Farhat Maha R, Sultana Razvan, Iartchouk Oleg, Bozeman Sam, Galagan James, Sisk Peter, Stolte Christian, Nebenzahl-Guimaraes Hanna, Jacobson Karen, Sloutsky Alexander, Kaur Devinder, Posey James, Kreiswirth Barry N, Kurepina Natalia, Rigouts Leen, Streicher Elizabeth M, Victor Tommie C, Warren Robin M, van Soolingen Dick, Murray Megan
1 Division of Pulmonary and Critical Care Medicine, Massachusetts General Hospital, Boston, Massachusetts.
2 Department of Global Health and Social Medicine, Harvard Medical School, Boston, Massachusetts.
Am J Respir Crit Care Med. 2016 Sep 1;194(5):621-30. doi: 10.1164/rccm.201510-2091OC.
The development of molecular diagnostics that detect both the presence of Mycobacterium tuberculosis in clinical samples and drug resistance-conferring mutations promises to revolutionize patient care and interrupt transmission by ensuring early diagnosis. However, these tools require the identification of genetic determinants of resistance to the full range of antituberculosis drugs.
To determine the optimal molecular approach needed, we sought to create a comprehensive catalog of resistance mutations and assess their sensitivity and specificity in diagnosing drug resistance.
We developed and validated molecular inversion probes for DNA capture and deep sequencing of 28 drug-resistance loci in M. tuberculosis. We used the probes for targeted sequencing of a geographically diverse set of 1,397 clinical M. tuberculosis isolates with known drug resistance phenotypes. We identified a minimal set of mutations to predict resistance to first- and second-line antituberculosis drugs and validated our predictions in an independent dataset.

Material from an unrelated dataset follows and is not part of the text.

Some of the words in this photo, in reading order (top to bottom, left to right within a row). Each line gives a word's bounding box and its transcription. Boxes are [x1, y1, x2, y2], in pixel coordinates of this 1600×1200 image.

We constructed and piloted a web-based database that provides public access to the sequence data and prediction tool.
The predicted resistance to rifampicin and isoniazid exceeded 90% sensitivity and specificity but was lower for other drugs. The number of mutations needed to diagnose resistance is large, and for the 13 drugs studied it was 238 across 18 genetic loci.

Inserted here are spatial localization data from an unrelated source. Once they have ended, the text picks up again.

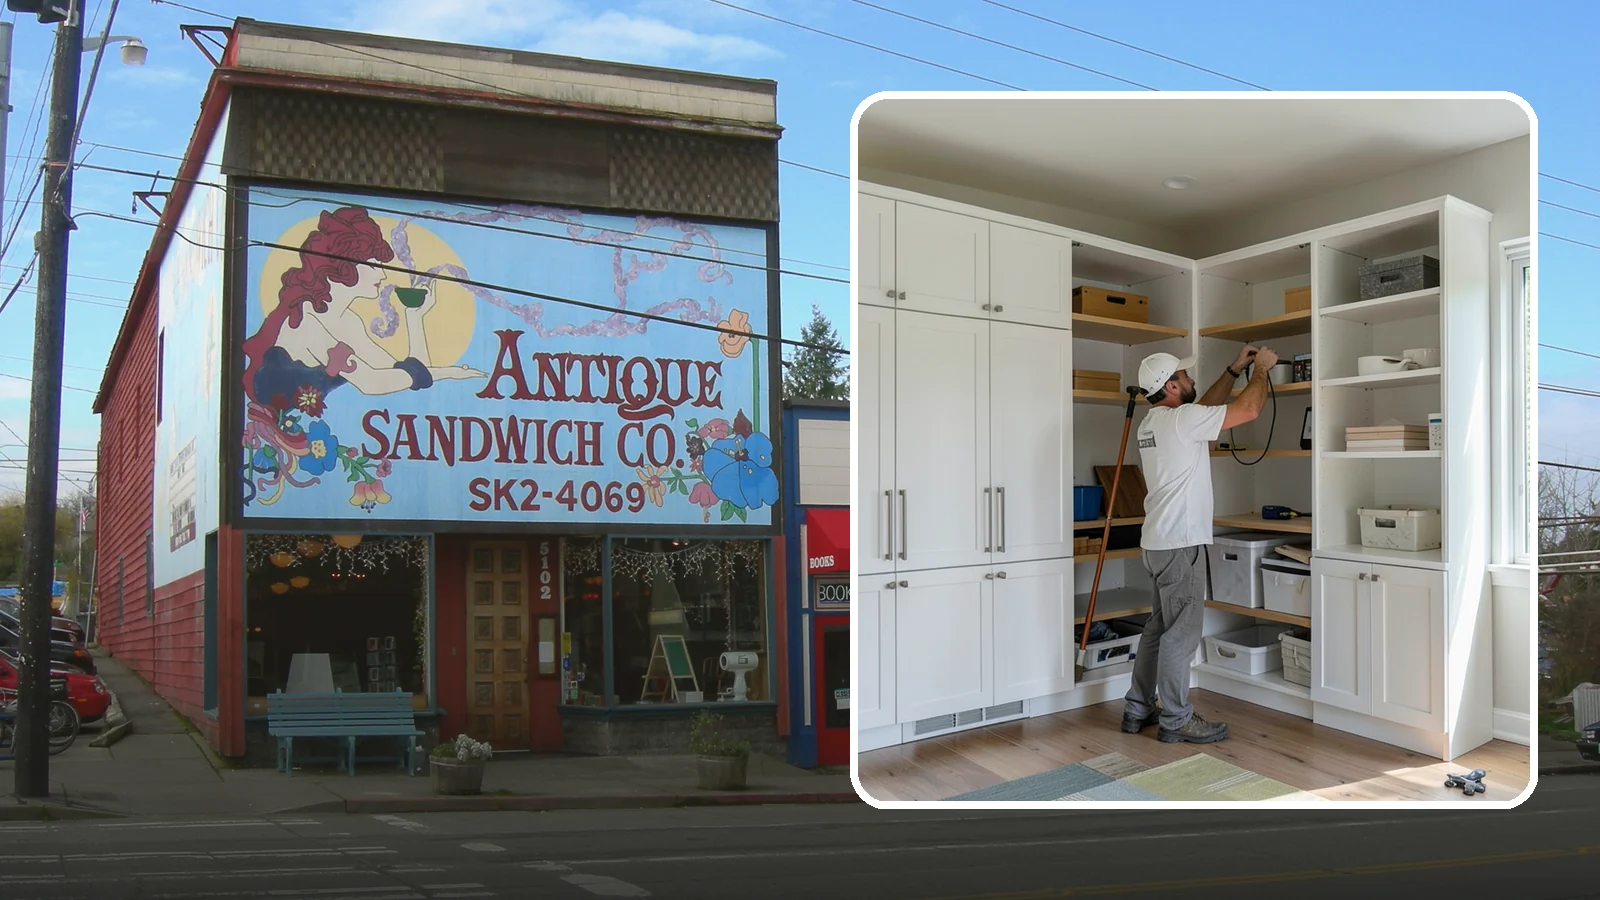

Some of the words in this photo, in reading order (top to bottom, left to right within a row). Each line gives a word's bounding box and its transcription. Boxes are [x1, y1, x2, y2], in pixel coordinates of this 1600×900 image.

[475, 328, 724, 421] ANTIQUE
[361, 408, 605, 467] SANDWICH
[617, 422, 685, 468] CO.
[468, 477, 646, 513] SK2-4069
[540, 542, 552, 600] 5102
[809, 555, 835, 569] BOOKS
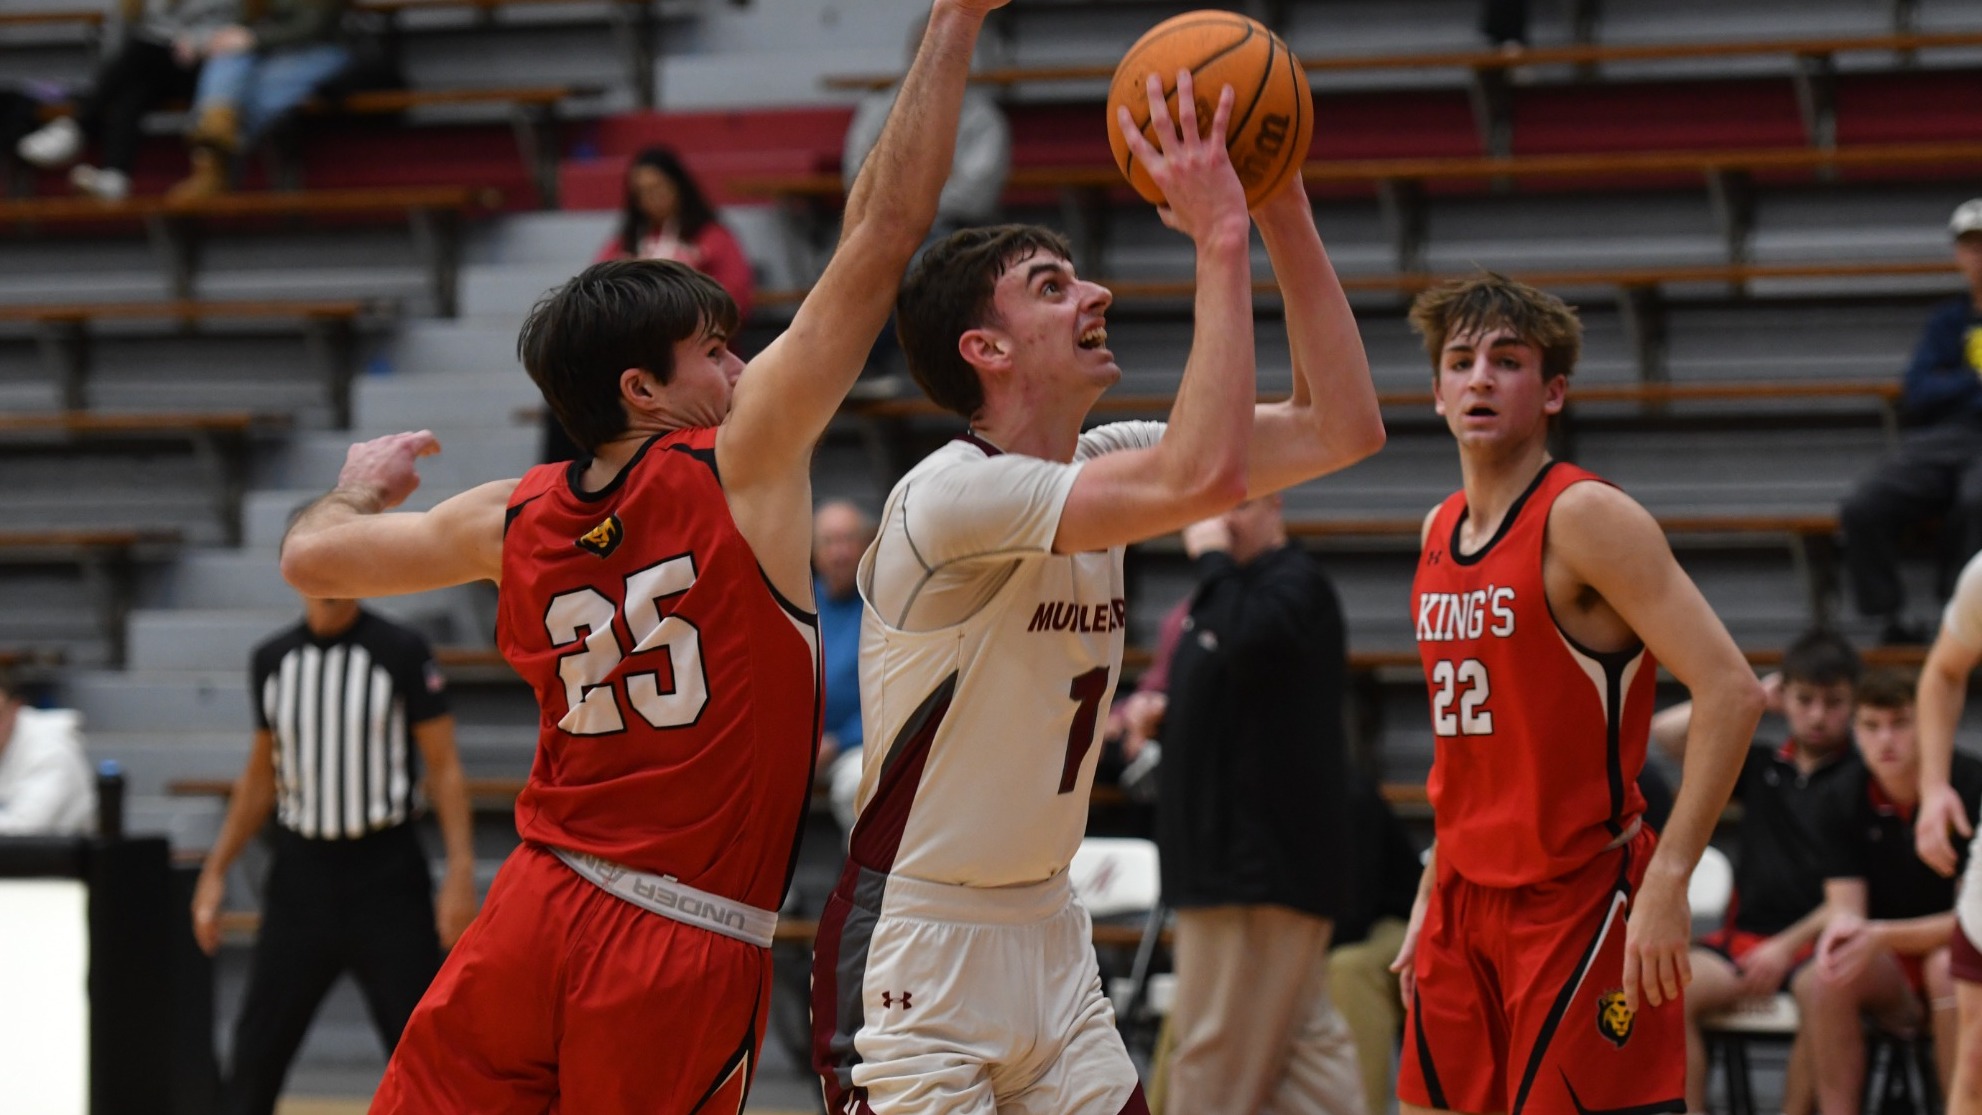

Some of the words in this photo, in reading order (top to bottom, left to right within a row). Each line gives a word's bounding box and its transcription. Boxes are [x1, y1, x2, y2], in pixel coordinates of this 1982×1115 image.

[543, 551, 711, 738] 25
[1415, 583, 1516, 642] KING'S
[1057, 664, 1110, 795] 1
[1432, 657, 1494, 737] 22
[633, 877, 745, 930] UNDER

These data suggest that a comprehensive M. tuberculosis drug resistance diagnostic will need to allow for a high dimension of mutation detection. They also support the hypothesis that currently unknown genetic determinants, potentially discoverable by whole-genome sequencing, encode resistance to second-line tuberculosis drugs.
能够检测临床样本中结核分枝杆菌的存在以及赋予耐药性的突变的分子诊断技术的发展,有望通过确保早期诊断来彻底改变患者护理并阻断传播。然而,这些工具需要鉴定对所有抗结核药物的耐药性遗传决定因素。
为了确定所需的最佳分子方法,我们试图创建一个耐药性突变的综合目录,并评估它们在诊断耐药性方面的敏感性和特异性。
我们开发并验证了用于结核分枝杆菌中28个耐药位点的DNA捕获和深度测序的分子倒置探针。我们使用这些探针对1397株具有已知耐药表型的来自不同地理区域的临床结核分枝杆菌分离株进行靶向测序。我们确定了一组最小的突变来预测对一线和二线抗结核药物的耐药性,并在一个独立的数据集中验证了我们的预测。我们构建并试用了一个基于网络的数据库,该数据库提供对序列数据和预测工具的公共访问。
对利福平和平的耐药性预测的敏感性和特异性超过90%,但对其他药物的预测较低。诊断耐药性所需的突变数量很大,对于所研究的13种药物,在18个基因位点上共有238个突变。
这些数据表明,全面的结核分枝杆菌耐药性诊断需要能够进行高维度的突变检测。它们还支持这样一种假设,即目前未知的、可能通过全基因组测序发现的遗传决定因素编码对二线结核药物的耐药性。